Exercise materials>
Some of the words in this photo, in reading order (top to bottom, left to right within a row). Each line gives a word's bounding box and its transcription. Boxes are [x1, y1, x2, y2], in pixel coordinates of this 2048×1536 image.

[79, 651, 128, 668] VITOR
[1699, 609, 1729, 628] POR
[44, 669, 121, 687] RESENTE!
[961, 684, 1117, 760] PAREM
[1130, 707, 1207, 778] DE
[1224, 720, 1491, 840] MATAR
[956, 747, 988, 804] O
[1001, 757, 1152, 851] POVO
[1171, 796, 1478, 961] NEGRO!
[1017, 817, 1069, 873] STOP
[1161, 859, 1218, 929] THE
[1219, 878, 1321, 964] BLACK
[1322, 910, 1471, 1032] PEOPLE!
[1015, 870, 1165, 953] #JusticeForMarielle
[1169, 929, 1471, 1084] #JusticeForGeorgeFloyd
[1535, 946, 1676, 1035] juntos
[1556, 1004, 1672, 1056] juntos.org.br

Task directions>
Transcribe the data above in full, exactly.

Solution to this exercise>
Some of the words in this photo, in reading order (top to bottom, left to right within a row). Each line gives a word's bounding box and its transcription. Boxes are [x1, y1, x2, y2], in pixel coordinates of this 2048×1536 image.

[79, 651, 128, 668] VITOR
[1699, 609, 1729, 628] POR
[44, 669, 121, 687] RESENTE!
[961, 684, 1117, 760] PAREM
[1130, 707, 1207, 778] DE
[1224, 720, 1491, 840] MATAR
[956, 747, 988, 804] O
[1001, 757, 1152, 851] POVO
[1171, 796, 1478, 961] NEGRO!
[1017, 817, 1069, 873] STOP
[1161, 859, 1218, 929] THE
[1219, 878, 1321, 964] BLACK
[1322, 910, 1471, 1032] PEOPLE!
[1015, 870, 1165, 953] #JusticeForMarielle
[1169, 929, 1471, 1084] #JusticeForGeorgeFloyd
[1535, 946, 1676, 1035] juntos
[1556, 1004, 1672, 1056] juntos.org.br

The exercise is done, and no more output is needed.